A study of 469 smokers who tried to quit after being hospitalized for heart disease found that those who stayed away from cigarettes for a year reported a reduction in their perceived stress levels.
Stress levels were essentially unchanged among heart patients who went back to smoking, according to researchers from Barts and The London School of Medicine and Dentistry.
The study, reported in the journal Addiction (here),
supported the theory that, at least for some people, smoking actually contributes to chronic stress.
“Smokers often see cigarettes as a tool to manage stress, and ex-smokers sometimes return to smoking in the belief that this will help them cope with a stressful life event,” researcher Peter Hajek told Reuters Health in an email.
Yet studies have shown that non-smokers tend to report lower stress levels than smokers do.
The reason for that difference has been unclear, but it could mean that people vulnerable to stress are more likely to take up smoking.
On the other hand, smoking itself may generate long-term stress, even if people feel it offers them temporary relief from trying situations.
Hajek’s study found that most of the 469 smokers — 85 percent — believed at the start of the study that smoking helped them deal with stress to some extent. Half said that the habit “very much” helped them cope.
But one year later, the study participants were surveyed again at which point 41 percent had not returned to smoking.
On average, Hajek and his colleagues found the abstainers showed a 20 percent reduction in their reported stress levels, while patients who had gone back to smoking showed little change in their perceived stress. The relationship between abstinence and reduced stress held up when the researchers accounted for factors such as patients’ age and education, how heavily they had smoked before quitting, and how high their stress scores were at the start of the study.
The researchers said the findings support the idea that dependency on cigarettes is itself a chronic source of stress.

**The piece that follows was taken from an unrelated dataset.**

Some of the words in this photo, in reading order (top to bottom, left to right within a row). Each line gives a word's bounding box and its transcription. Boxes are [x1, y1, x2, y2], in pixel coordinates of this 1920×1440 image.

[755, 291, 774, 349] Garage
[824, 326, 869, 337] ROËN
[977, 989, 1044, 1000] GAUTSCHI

“When dependent smokers cannot smoke, as the period without cigarettes lengthens they tend to feel more and more edgy, irritable and uncomfortable,” Hajek said. “A cigarette relieves this stressful state, and this is probably the main reason smokers think that smoking relieves stress.”
Someone who smokes 20 cigarettes per day, for example, essentially goes through 20 bouts of stress each day, as the levels of nicotine in the body decline. Once that person quits — and gets over the initial period of withdrawal — he will have 20 fewer periods of stress each day, Hajek said.
Hajek said these findings suggested that quitting may not only benefit smokers’ physical health, but possibly their mental well-being as well.